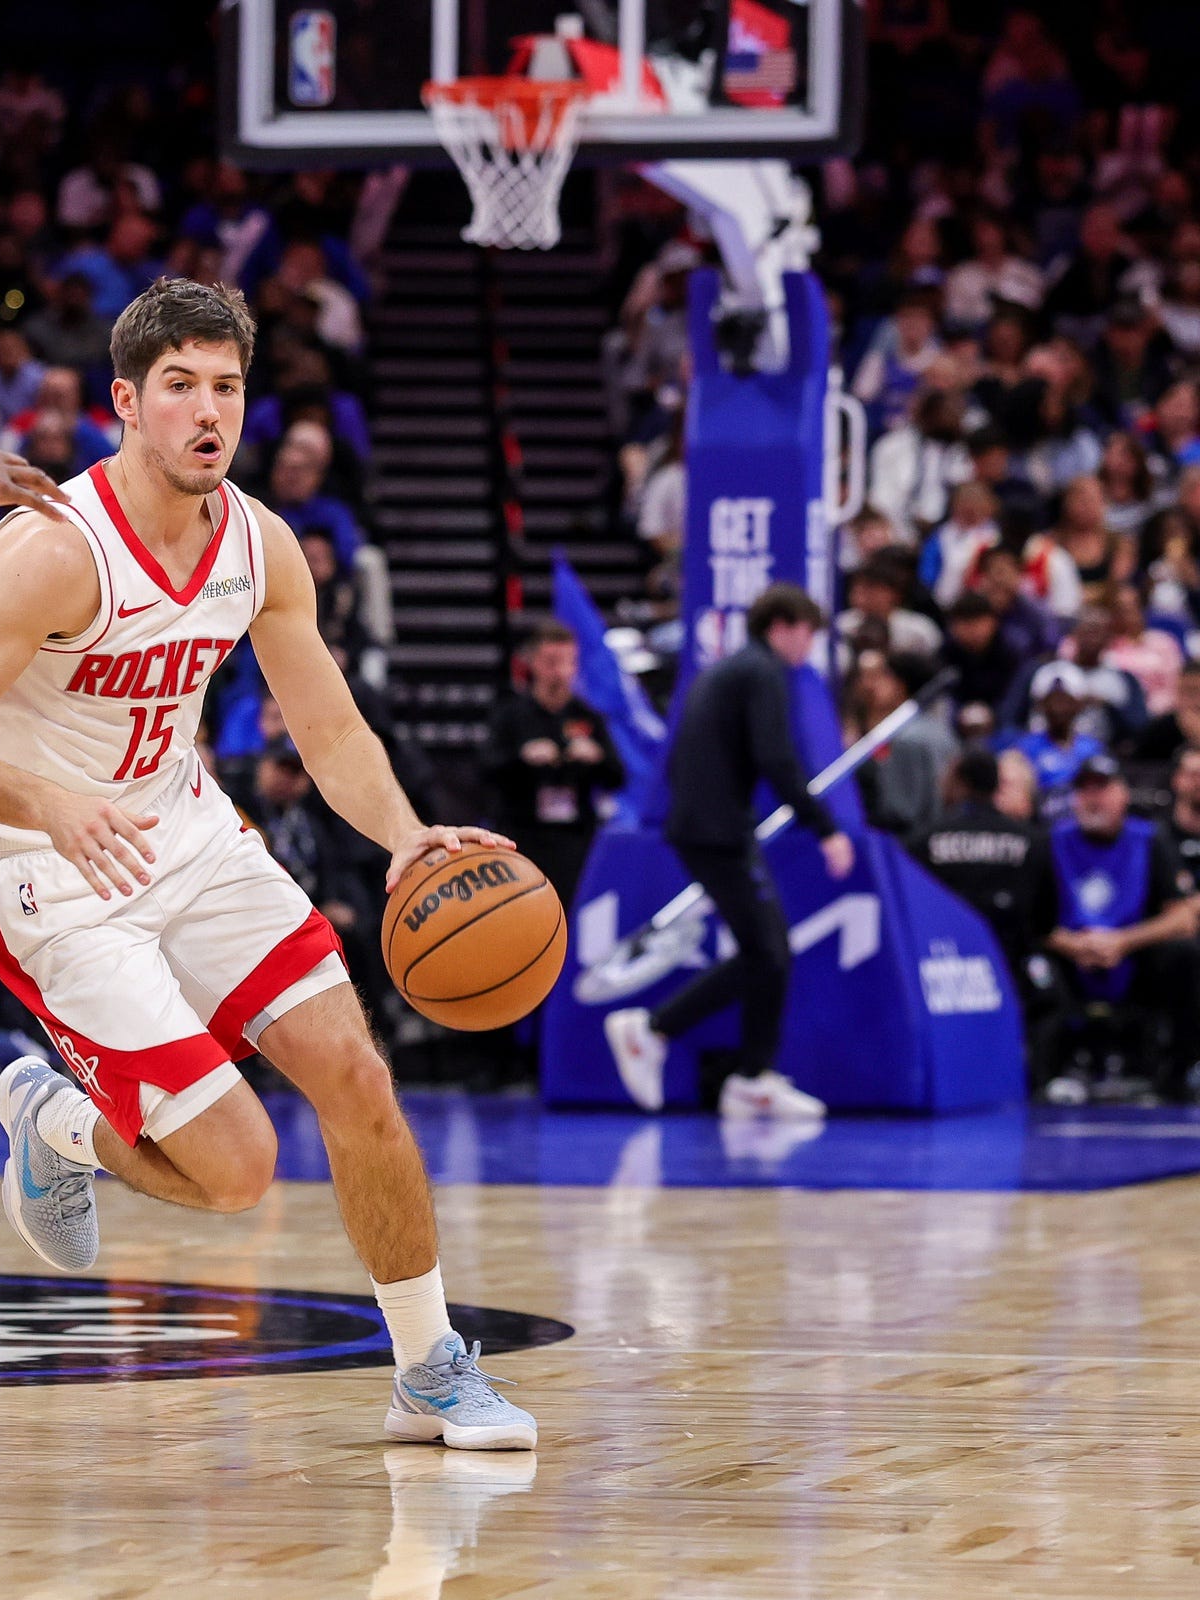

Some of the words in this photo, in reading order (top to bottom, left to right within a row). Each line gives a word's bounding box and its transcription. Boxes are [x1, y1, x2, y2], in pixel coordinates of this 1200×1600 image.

[709, 498, 773, 550] GET
[202, 575, 251, 592] MEMORIAL
[202, 582, 251, 599] HERMANN
[64, 638, 234, 699] ROCKET
[113, 703, 179, 781] 15
[929, 831, 1029, 866] SECURITY
[403, 860, 520, 932] Wilson
☆ ☆ ☆
WHAT YOU ARE ASKED TO DO → Omit the pictures, then give all the lines above again exactly.

COMPLETED TASK →
Some of the words in this photo, in reading order (top to bottom, left to right within a row). Each line gives a word's bounding box and its transcription. Boxes are [x1, y1, x2, y2], in pixel coordinates of this 1200×1600 image.

[709, 498, 773, 550] GET
[202, 575, 251, 592] MEMORIAL
[202, 582, 251, 599] HERMANN
[64, 638, 234, 699] ROCKET
[113, 703, 179, 781] 15
[929, 831, 1029, 866] SECURITY
[403, 860, 520, 932] Wilson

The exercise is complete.